• sene 99
    17 ağustos depremi;
    16 kişilik ekibim "dağcı arama kurtarma" ile yola çıkıp depremin ertesi sabahı gölcük merkeze varmışız. ana sponsorumuz sonradan kayış atmış olsa da "izmir ticaret odası", kendi malzemelerimiz dışındaki holmatro hidrolik makaslar da hem yetiştirdiğimiz itfaiyeci öğrencilerimiz hem de bizi bizzat tanımasa da referans olan ahmet piriştina sayesinde "izmir itfaiyesi"nden...
    daha evvelden nasıl bir yer olduğunu bilmediğim bu harabe kentte yıkıntıdan yıkıntıya koşuyoruz. en tecrubelimiz bile şaşkın, halkın yönlendirmesi ile göçük tercih edip kazı çalışmalarımıza devam ederken binanın birinde canlı farkedildiği haberi geliyor.

    bir astsubay tayin sebebi ile 3-5 gün önce başka şehre gitmiş, ama eşi ve iki çocuğunu gölcükte bırakmış. hemşire eşi dilek ile konuşmayı başarıyorum, çocuklarının iyi olduğunu birine cpr yaptığını, diğeri ile konuşabildiğini söylüyor. ama aslında olup bitenin bu dedikleri ile alakası yok. 4 saati aşan çalışma ile çocukların çoktan can vermiş olduklarını cesetleri kadının elinden alırken anlıyorum.. serhat ile ferhat, biri 4-5 diğeri de 1 yaşlarında hatırladığım...
    dilek hemşire ise yarım saate kadar sağ salim göçükten çıkacak...

    o sırada 3 iyi giyimli lavuk geliyor, o ortamda kim ki iyi giyimli, işte o kişi lavuktur, tespitimin kesinliği buradan kaynaklanıyor...

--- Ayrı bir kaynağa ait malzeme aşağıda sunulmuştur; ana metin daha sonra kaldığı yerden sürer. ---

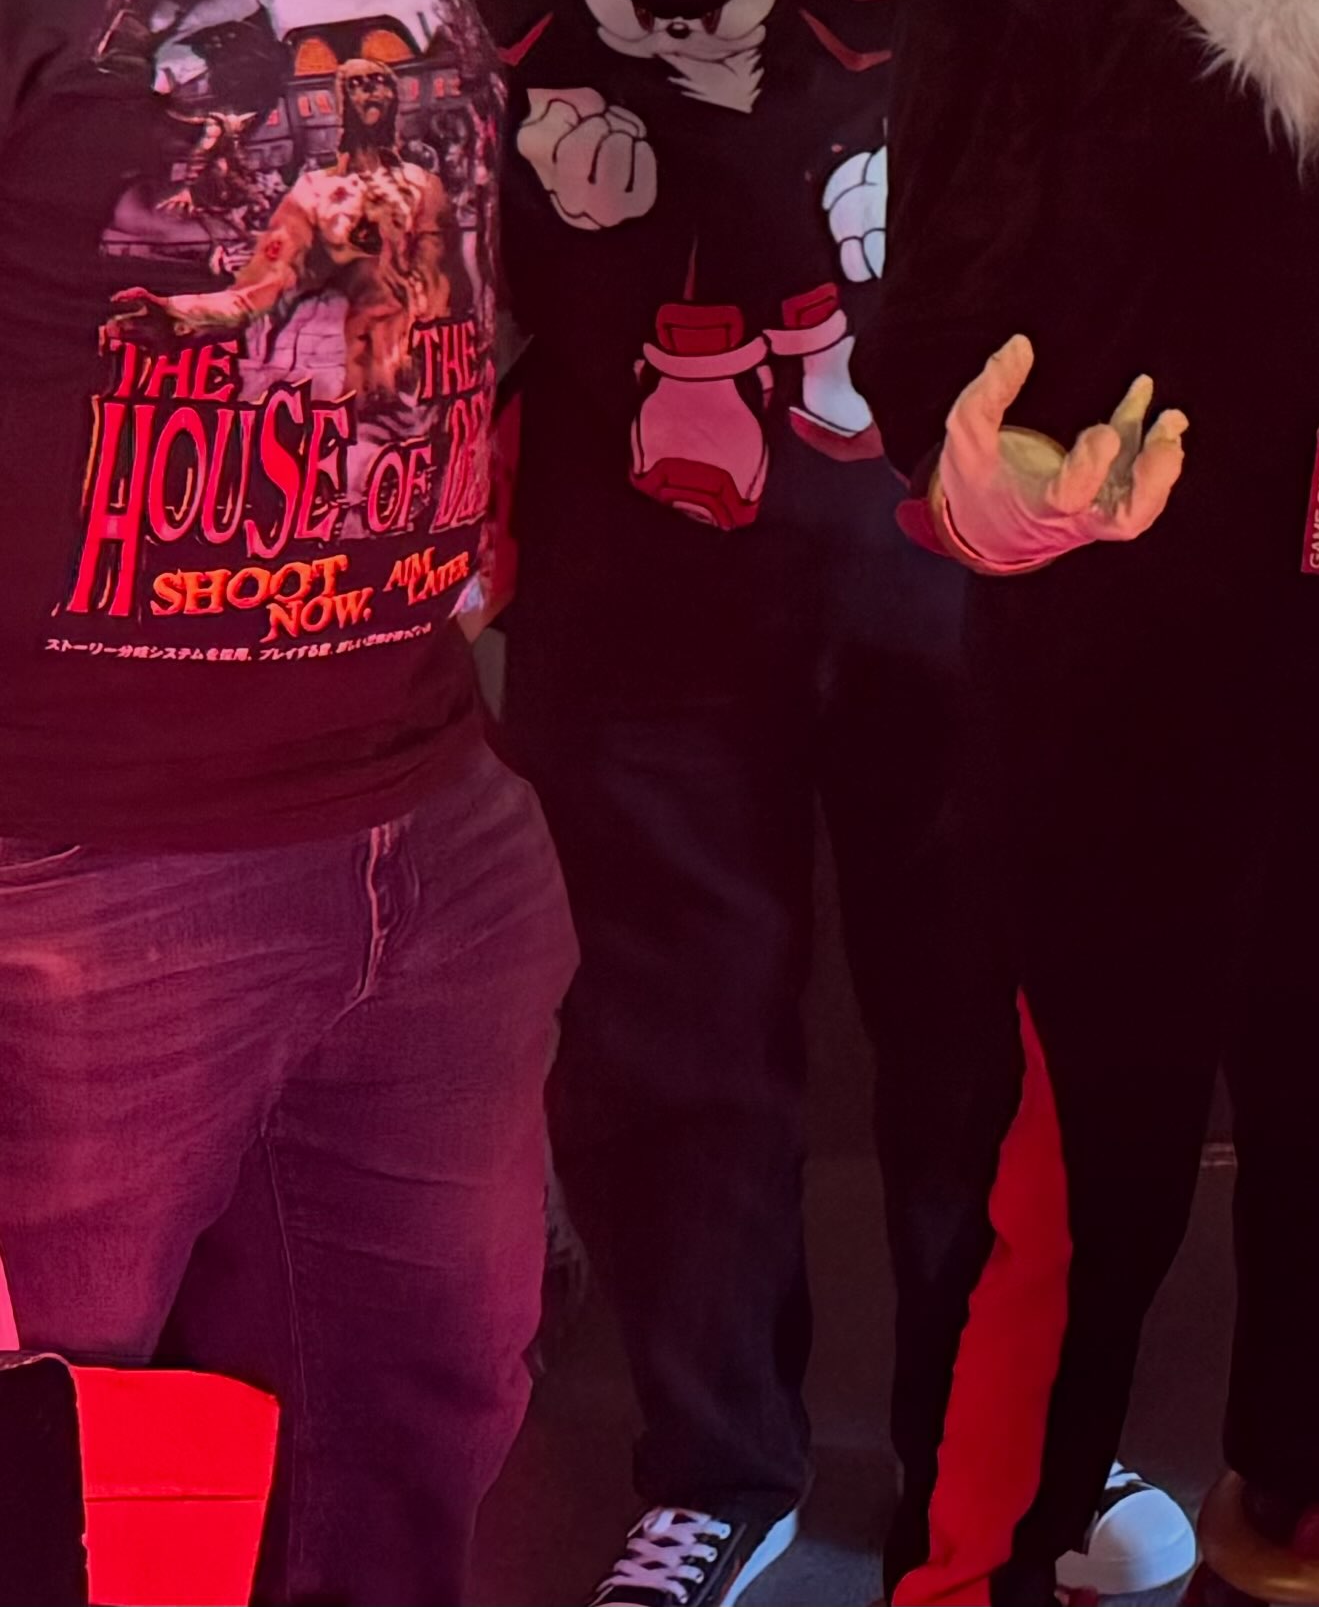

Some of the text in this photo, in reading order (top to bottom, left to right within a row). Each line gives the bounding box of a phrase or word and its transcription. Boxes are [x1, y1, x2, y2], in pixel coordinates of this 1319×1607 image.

    ziraat bankası lojmanlarında bir canlı olduğunu söylüyorlar, yanlarında 15 kadar da resmi polis memuru var, bütün ekibi orada çalışmamız için götürmeye gelmişler. biri ana sponsorumuz olan kurumdan, diğer ikisinin ne dediklerini hatırlamıyorum.
    3 sokak arkadaki o binanın 48 saatir yandığını iyi biliyorum, ezilerek ölmemiş ise-yanarak, yanarak ölmese-boğularak ölmüş olduğuna eminim oradaki herkesin. ama işin içinde sponsorun baskısı var, efendiyi kızdırıp arayı soğutmamak lazım.
    bitkin olmasam bu gelenleri ellerimle öldürecek kadar sinirliyim, ama neyse ki normal taklidi yaparak ekibin yorgun kısmını oraya alma kararını verebiliyorum.

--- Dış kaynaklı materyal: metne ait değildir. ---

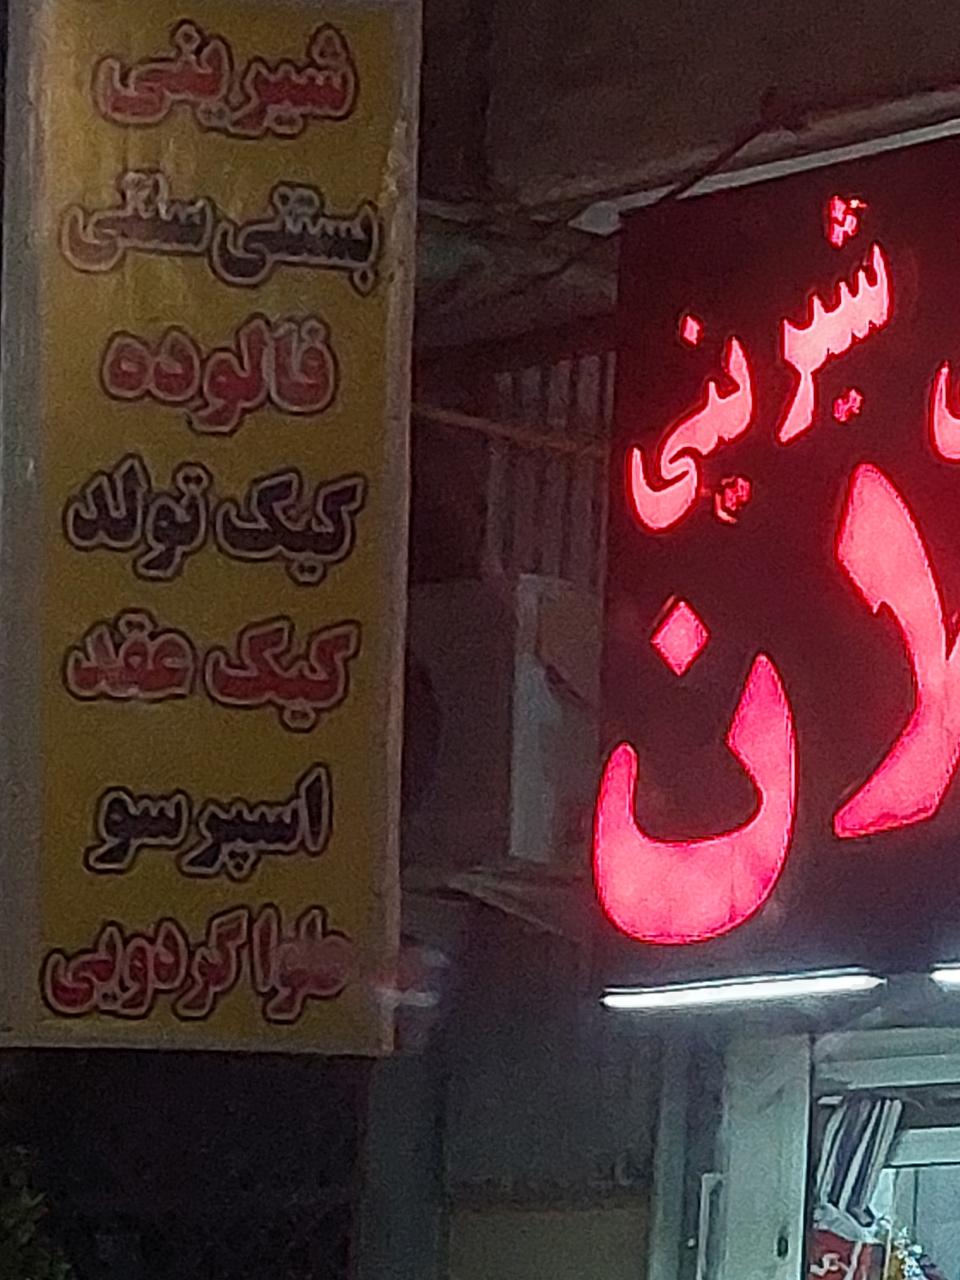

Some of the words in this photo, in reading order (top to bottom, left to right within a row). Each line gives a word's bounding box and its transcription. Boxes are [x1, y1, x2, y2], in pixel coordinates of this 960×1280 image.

[92, 18, 358, 139] شیرینی
[59, 168, 215, 273] سنتی
[210, 181, 381, 297] بستنی
[102, 313, 338, 436] فالوده
[626, 194, 893, 534] شیرینی
[62, 453, 213, 581] تولد
[214, 466, 369, 587] کیک
[204, 614, 363, 734] کیک

    sonradan polislerin konuşmalarından anlıyoruz ki; (neresinin olduğunu bilmediğim) vali bey'in yeğeninin cesedi için mezar kazıcılığına zorlanıyoruz o lojmanlarda. göçüğün etrafı çevrilmiş, sanırım zemin kat banka imiş, bankanın kasası için önlem almışlar.
    bizim ekiple alakası olmayan bir eksklavatör çalışıyor göçükte.
    bizim 16 kişinin ben dahil 7'si polis emniyeti altında(?) oradayız. çalışır gibi yapmaya başlamışız bile..
    gönülsüz bir şekilde etrafa bakınıp kulaklarımız telsizde 3 sokak arkadaki ekipten dilek hemşirenin selamet haberini bekliyoruz.
    bu sırada bir çığlık kopuyor, kepçe duruyor, canlı var diye bağırmaya başlıyor 3-4 kişi...
    kepçenin tırnağı neredeyse kadının karnını patlatacakken durmuş, vücudu bir pikeye sarılı,bir bacağı mermer uzun bir sehpanın iç tarafı sayılacak alt gözüne girmiş, kafası da aynı sehpa takımına ait küçük bir tanesinin içinde, görüntü çok enteresan. 60lı yaşlarının başında küt saçlı esmer bir kadın bu.
    1 saate yaklaşan bir çalışma ile neredeyse çıkarılabilir hale geliyor. yunan doktor boynuna şişme boyunluğu takarken ben de sehpanın korumadığı yaralı bacağına uzun bacak ateli takıyorum.
    o sırada omuzumda bir el!...
    ve elin sahibi "kolay gelsin" diyor.
    bu ortamda, uğraştığım işi yapan birine kolay gelsin diyene ağızımdan çıkan cevap çok net: "siktir git başımdan".
    normalde çok küfür eden biri değilim ama dudaklarımdan dökülüveriyor işte bu kelimeler. hemen ardından ara vermeden "biri alsın şunu başımdan" diye bağırıyorum.
    tam karşımda çalışıp arkamdan omuzuma dokunanın kim olduğunu gören takım arkadaşımın suratı değişiyor.
    evet o kişi rahmetli piriştina, 1 ay kadar sonra izmir'de radius projesi ile ilgili bir toplantıda yanıma gelip gülümseyerek: "iyi saydırdın bana o gün" diyor...
    yokluğunda çok şeyin eksik olduğu, bilgi ve tecrübeye saygı duyan, nadir rastlanır, komplekssiz baba adamlardandı, mekanı cennet olsun...
  • izmirli değilim, ama 9 senem burada geçti. 9 koca senenin son 5 senesini hayretle izledim ben. böylesine durgun bir ekonomiye sahip izmir'in, şantiye gibi olmasına, sürekli yapılanmasına, yenilenmesine ve belki de izmir'in yaşanası bir şehir olarak kalabilmesi için gerekli olan "etiket" de dahil olmak üzere bir çok ayrıntı için gece gündüz çalışıldığına şahit oldum. sanmıyorum ki hiçbir belediye bunca çok yatırımı, kesintisiz, senkronize ve "aman şuradan üç kuruş da ben kapayım" düşüncesini yaygın olarak barındırarak gerçekleştirebilmiş olsun. sanmıyorum ki bir belediye başkanı çıkıp kişisel gelişimini, kişisel yaşam şartlarını ikinci plana atabilmeyi becersin. sanmıyorum ki koca bir ekip bu denli güzel organize edilsin.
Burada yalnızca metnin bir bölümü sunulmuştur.